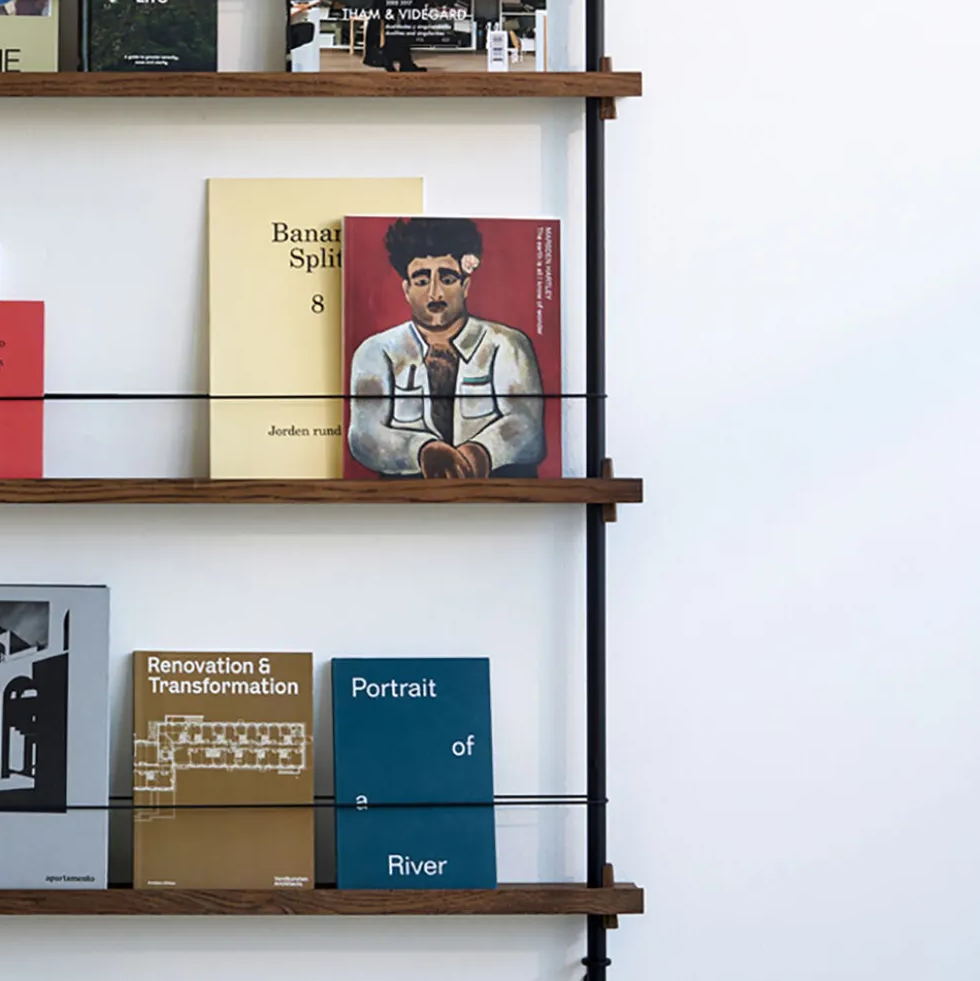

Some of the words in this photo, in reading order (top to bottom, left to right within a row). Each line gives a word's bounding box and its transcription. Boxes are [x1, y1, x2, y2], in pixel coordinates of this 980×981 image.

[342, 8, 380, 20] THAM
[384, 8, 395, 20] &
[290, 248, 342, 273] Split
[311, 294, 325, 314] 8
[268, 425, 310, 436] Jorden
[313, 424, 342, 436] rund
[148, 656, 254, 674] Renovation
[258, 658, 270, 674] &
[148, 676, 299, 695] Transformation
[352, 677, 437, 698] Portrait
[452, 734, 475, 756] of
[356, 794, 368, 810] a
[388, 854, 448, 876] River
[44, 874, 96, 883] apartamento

------------------------------------------------------------------------

- [DESCRIPTION OF THE TASK]
All of the data above should be quoted exactly, except for the pictures.

- [WRITTEN RESPONSE]
Some of the words in this photo, in reading order (top to bottom, left to right within a row). Each line gives a word's bounding box and its transcription. Boxes are [x1, y1, x2, y2], in pixel coordinates of this 980×981 image.

[342, 8, 380, 20] THAM
[384, 8, 395, 20] &
[290, 248, 342, 273] Split
[311, 294, 325, 314] 8
[268, 425, 310, 436] Jorden
[313, 424, 342, 436] rund
[148, 656, 254, 674] Renovation
[258, 658, 270, 674] &
[148, 676, 299, 695] Transformation
[352, 677, 437, 698] Portrait
[452, 734, 475, 756] of
[356, 794, 368, 810] a
[388, 854, 448, 876] River
[44, 874, 96, 883] apartamento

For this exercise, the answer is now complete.